++++ Records ++++

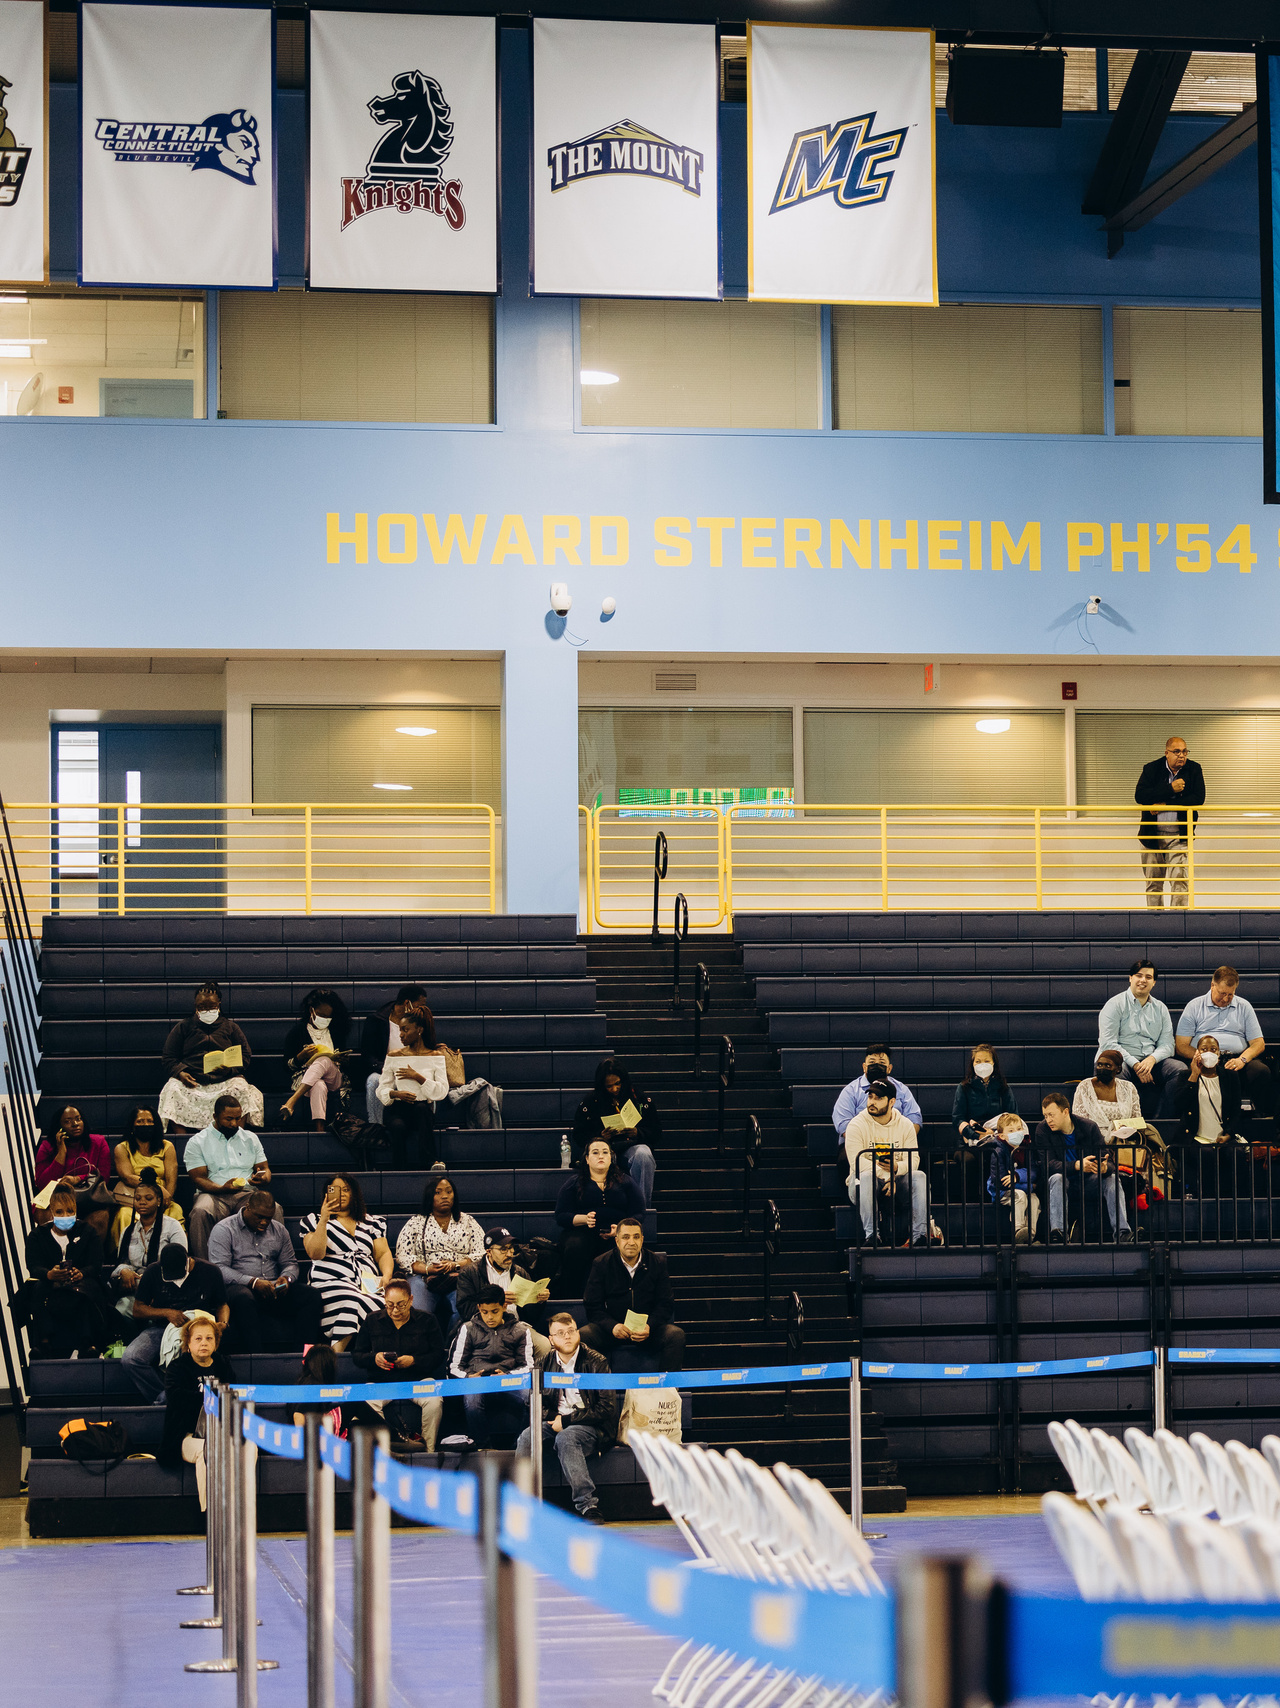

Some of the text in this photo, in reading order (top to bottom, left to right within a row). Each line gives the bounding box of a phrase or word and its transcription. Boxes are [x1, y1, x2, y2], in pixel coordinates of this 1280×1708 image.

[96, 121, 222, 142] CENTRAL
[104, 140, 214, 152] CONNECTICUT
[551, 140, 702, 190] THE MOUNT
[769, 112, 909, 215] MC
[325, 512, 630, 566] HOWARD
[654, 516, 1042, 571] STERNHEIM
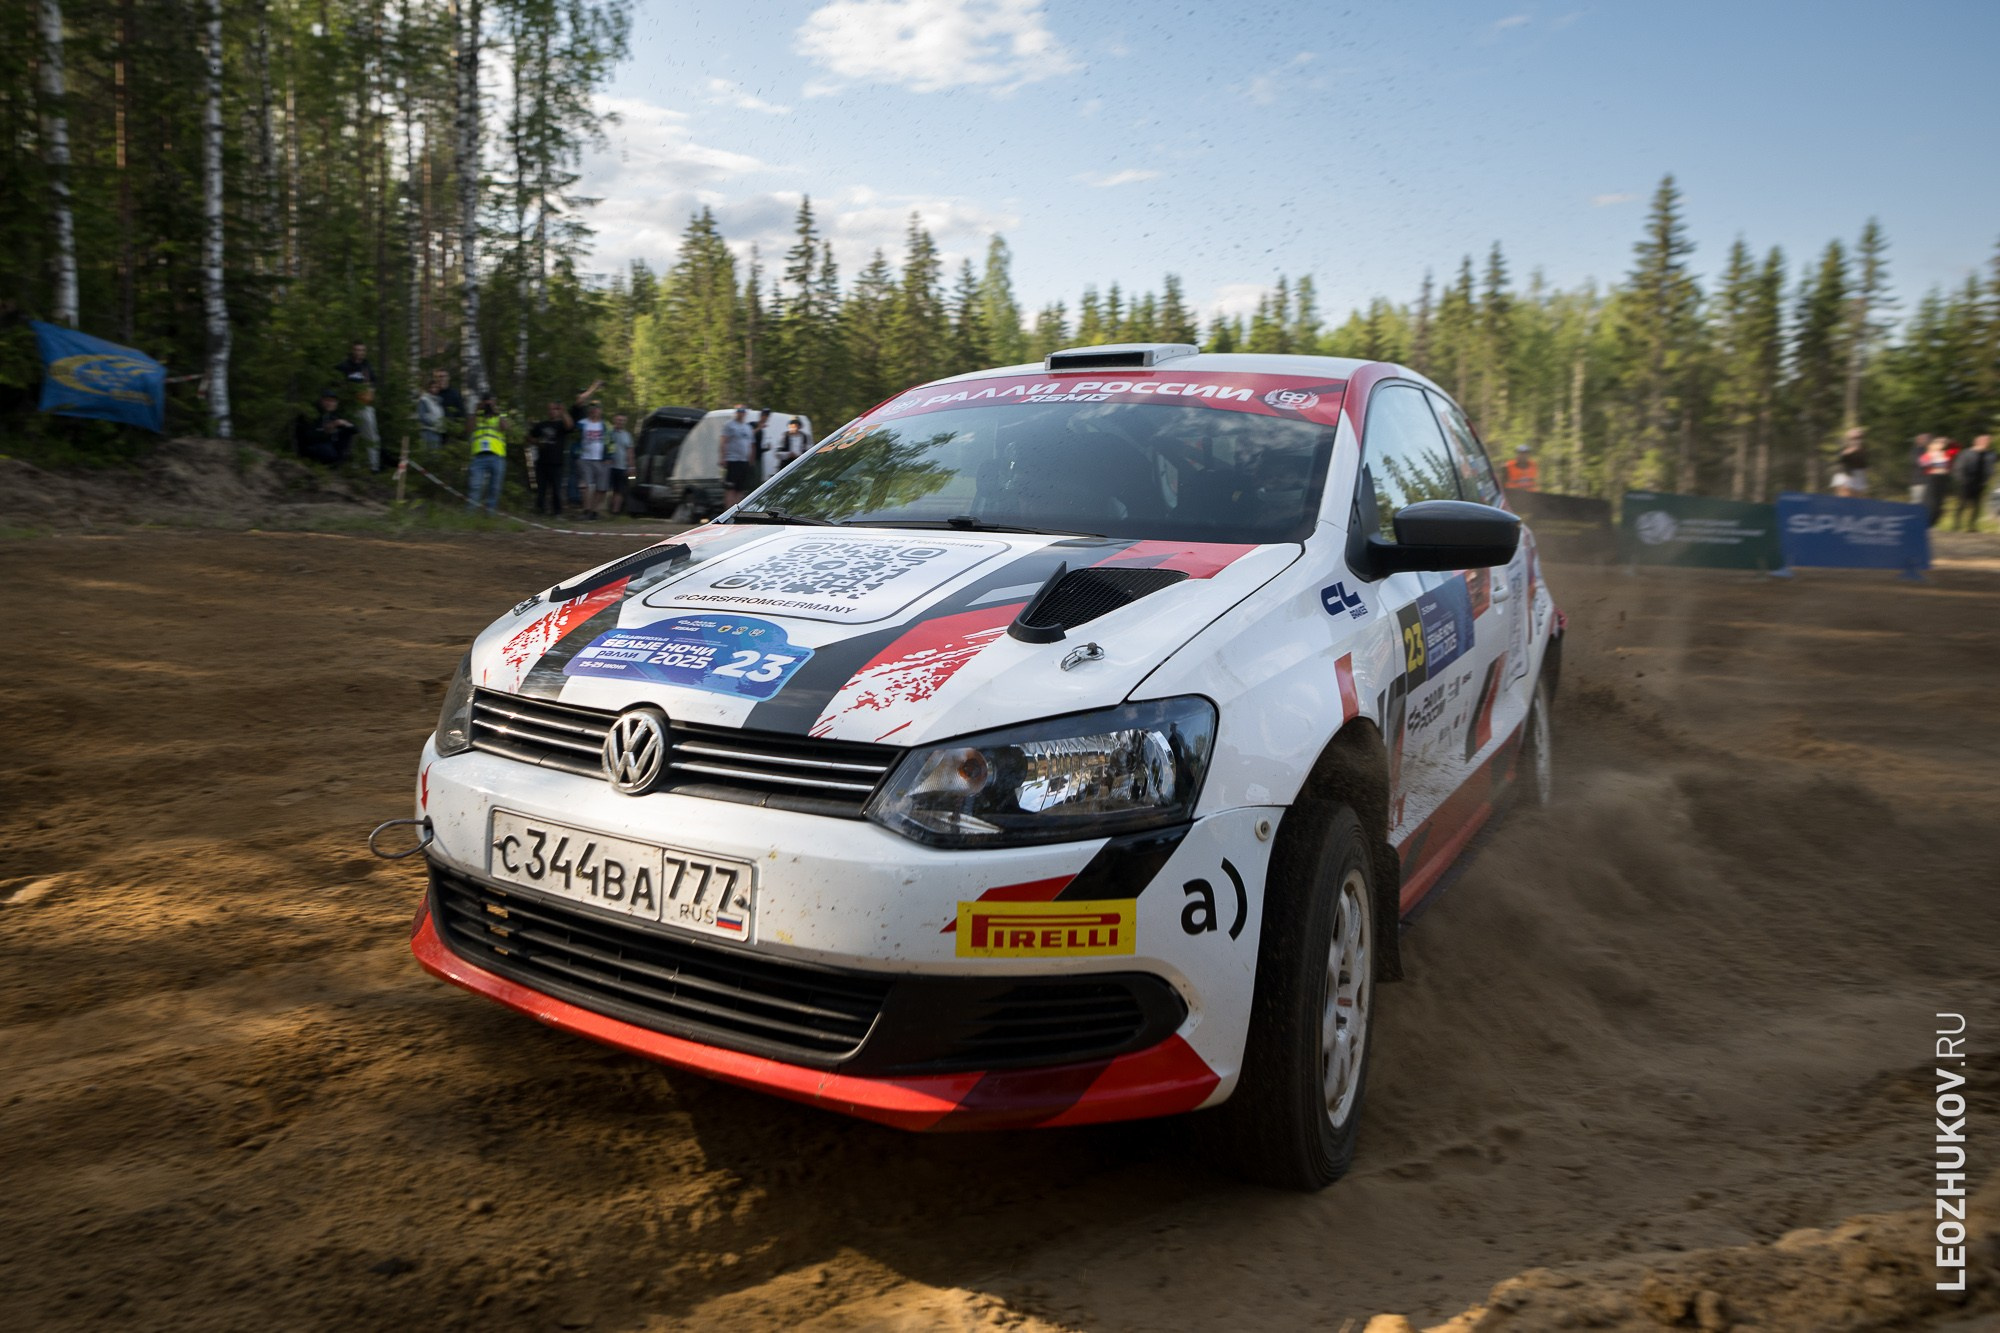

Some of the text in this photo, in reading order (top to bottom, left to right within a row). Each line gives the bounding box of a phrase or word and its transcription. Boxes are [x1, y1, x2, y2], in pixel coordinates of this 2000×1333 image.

++++

Your instructions
Print all entries exactly. The images do not belong in the copy.

Written solution
Some of the text in this photo, in reading order (top to bottom, left to right within a row). Each line gives the bounding box of a phrase or word and its transcription. Boxes are [x1, y1, x2, y2], in pixel coordinates of this 1280×1708 image.

[96, 121, 222, 142] CENTRAL
[104, 140, 214, 152] CONNECTICUT
[551, 140, 702, 190] THE MOUNT
[769, 112, 909, 215] MC
[325, 512, 630, 566] HOWARD
[654, 516, 1042, 571] STERNHEIM

Some of the text in this photo, in reading order (top to bottom, left to right within a row). Each line gives the bounding box of a phrase or word and its transcription. Boxes are [x1, y1, x2, y2], in pixel coordinates of this 2000×1333 image.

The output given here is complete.